The house was even warmer than the street. Jesse shed his boots and yelled a greeting, judging the echo expertly and following the change in sound. The back door was open, and a head of wild blond hair was visible over the back of the deckchair.
“Hey, gorgeous,” he said, bending over the chair to offer a kiss. Ezra smiled into it, his face pleasantly hot from his basking, the notebook he’d been flicking through dropping to the heavy textbook in his lap. “Still determined on going back next week?”
“Absolutely,” Ezra said. “And those brats are going to regret ever thinking a substitute means they don’t have to learn.”
Frankly, Jesse didn’t give a shit about the kids. The last fortnight had been devastatingly hot, and it had done Ezra a world of good. The waxy pallor to his features had faded under a crop of freckles, and he’d stolen some of Jesse’s dumbbells to idly lift while he lounged in the sun. He didn’t look ill anymore. He didn’t look frail anymore, despite the crutch and the cast, and the tiredness that still plagued him. Mostly due to the extra energy he needed to walk anywhere and the gruelling physiotherapy sessions five days a week.
“Well, put your stuff away,” he said, teasing the flyaway hair. “It’s dinner time. Want to hobble round the chippie with me?”
“But the suuuuun,” Ezra whined, tilting his head right back until he was a
lmost looking at Jesse upside-down. Jesse took the hint, and kissed his forehead, nose, chin and finally mouth. “Mm. Well, all right then.”
“Up to it?”
“Watch me, flame-boy.”
The most painful part was watching Ezra get up. Once he was up, he was relatively steady, if still easily tired and occasionally in a degree of pain. But getting up was an exhausting, laborious process—and to top it off, Jesse had been banned by the physiotherapist from helping.
‘He has to manage on his own,’ Tracy had said sternly. ‘Now he can do it, you’re not needed.’
Ezra’s right leg was still a ruin entombed in a cast, and the left weak and wobbly. The ankle was stiff and prone to cramps. The knee was next to useless and the subject of most of the physiotherapy sessions. Tracy still wasn’t sure whether Ezra would ever regain proper use of it, and nobody knew anything at all about the outcome for the right leg once the plaster could be broken open. But Jesse didn’t much care. He was still operating under thankfulness that Ezra was alive and hadn’t got shot of him after that fight.

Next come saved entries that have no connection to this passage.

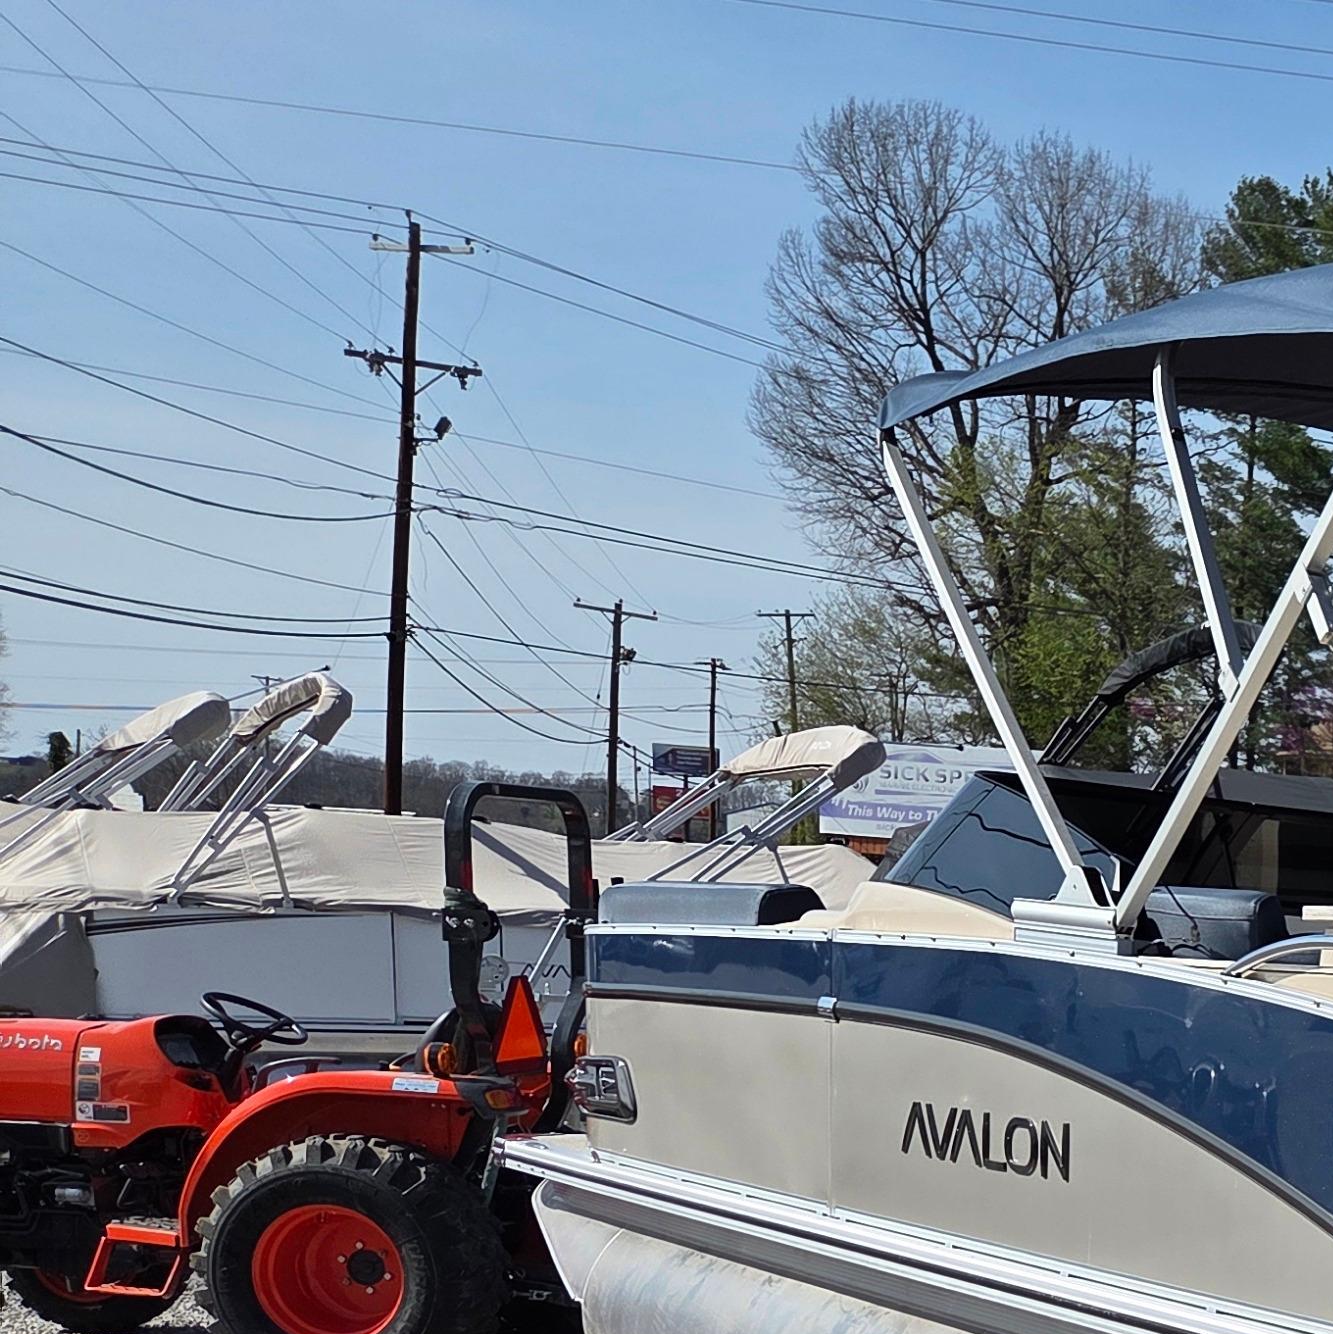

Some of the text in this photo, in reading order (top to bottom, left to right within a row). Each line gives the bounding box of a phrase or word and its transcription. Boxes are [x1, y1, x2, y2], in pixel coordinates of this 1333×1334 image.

[880, 764, 930, 782] SICK
[847, 804, 873, 817] This
[876, 806, 906, 822] Way
[908, 810, 922, 821] to
[901, 1101, 1071, 1183] AVALON
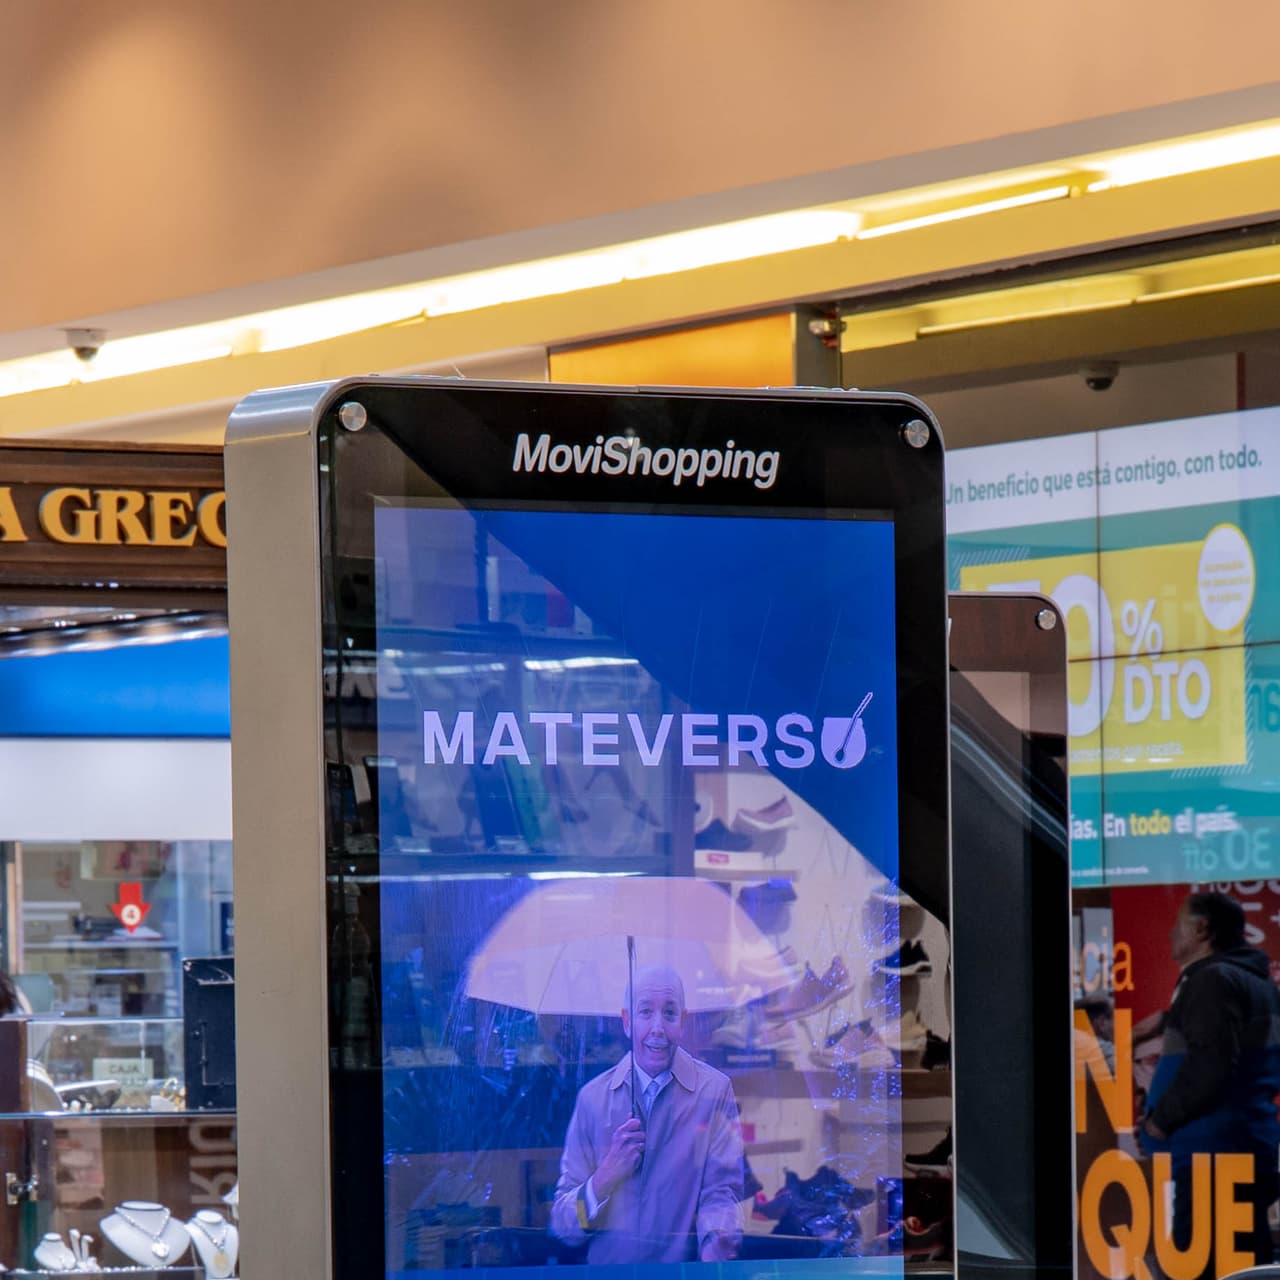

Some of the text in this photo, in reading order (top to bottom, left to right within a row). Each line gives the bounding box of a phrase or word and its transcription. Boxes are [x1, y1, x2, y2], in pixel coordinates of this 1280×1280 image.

[512, 433, 780, 488] MoviShopping
[967, 472, 1039, 502] beneficio
[1043, 473, 1072, 498] que
[1076, 462, 1111, 487] está
[1115, 455, 1180, 485] contigo,
[1184, 456, 1214, 476] con
[1219, 445, 1262, 471] todo.
[1123, 658, 1212, 724] DTO
[1103, 813, 1126, 838] En
[1129, 809, 1171, 836] todo
[1175, 807, 1194, 834] el
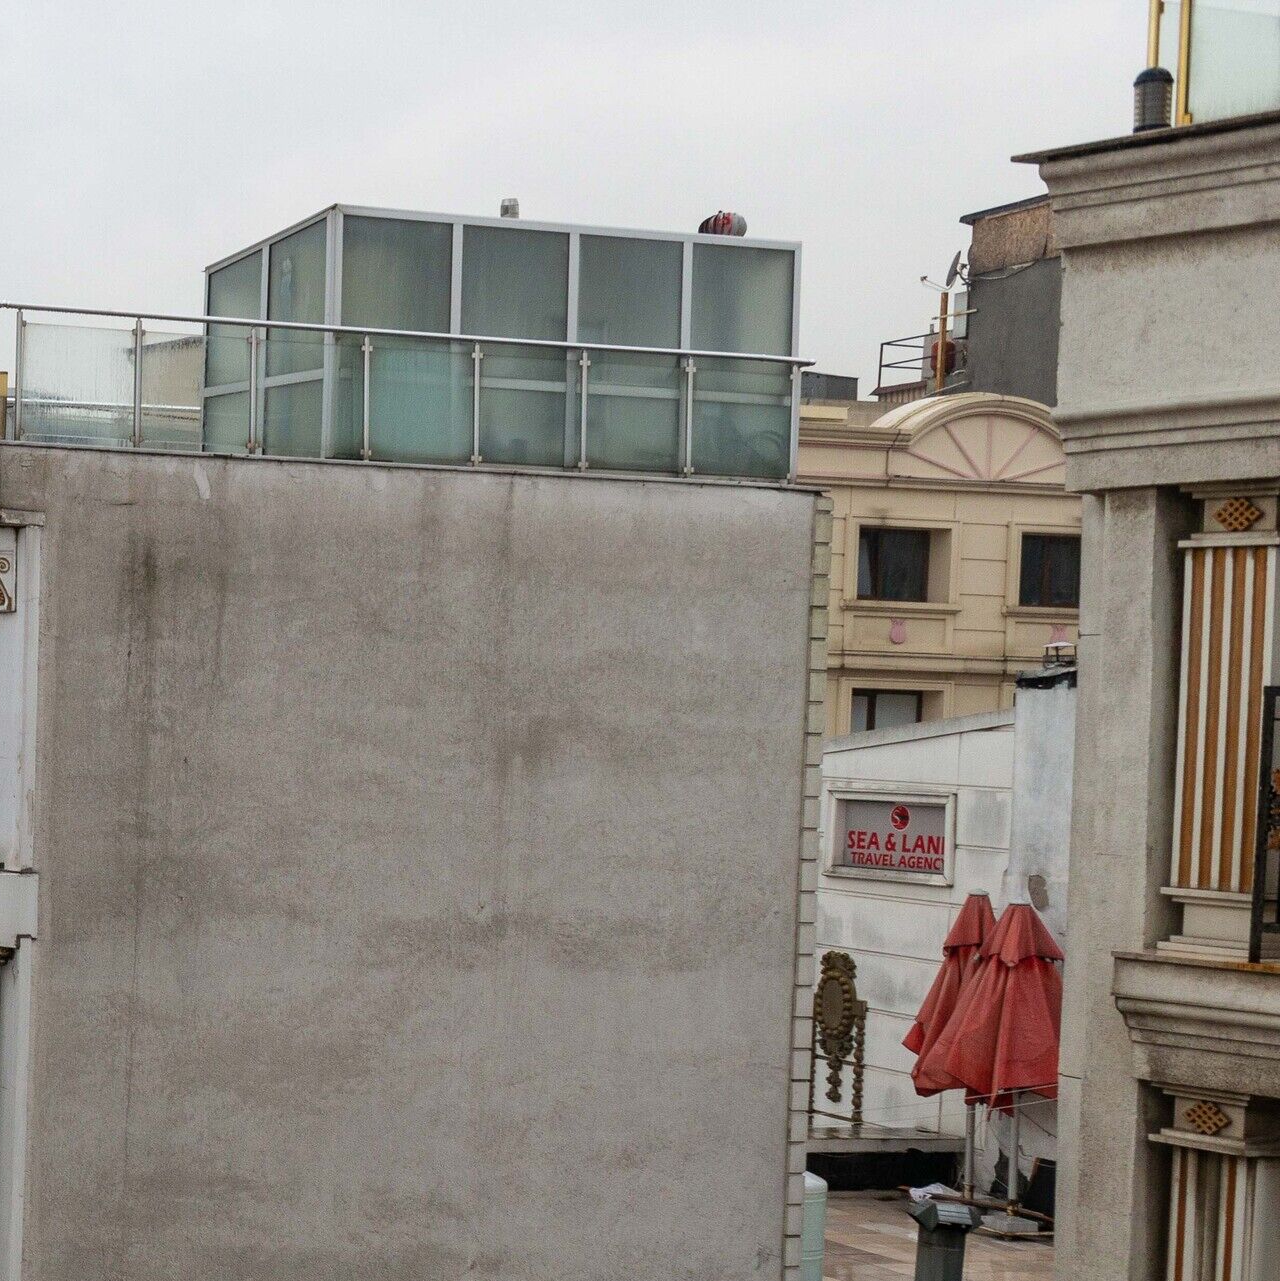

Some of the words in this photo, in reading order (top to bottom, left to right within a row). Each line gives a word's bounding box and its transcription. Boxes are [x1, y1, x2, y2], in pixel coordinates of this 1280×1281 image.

[847, 830, 880, 850] SEA
[884, 833, 897, 852] &
[851, 851, 896, 867] TRAVEL

“All right,” Ezra said, once he’d struggled out of the chair. “Let’s do this.”
“Sure?” Jesse said, locking the back door behind them as Ezra hobbled into the house.
“Stop fussing,” Ezra said, but there was no bite to it, and Jesse leaned in to kiss him as they reached the front door. “Mm. All right, keep fussing, whatever.”
“Knew you’d see it my way,” Jesse said.
The walk round to the takeaway usually took five minutes. It was just the other side of the main road and a cut through an alley that ran between the houses. With Ezra’s limp, it took closer to fifteen, and the faint traces of sweat were darkening his hair at his temples by the time Jesse pushed the door open and held it for him.
“Doing okay?” Jesse asked when Ezra lowered himself with difficulty into one of the plastic chairs.
“Mm.”
“Ez—”
“I’m fine,” Ezra said, and grimaced. “Could do with a couple of painkillers when we get back, though.”
“Tracy go hard on you? Usual, please, Mo,” Jesse asked as the takeaway owner’s teenage son stuck his head out of the kitchen.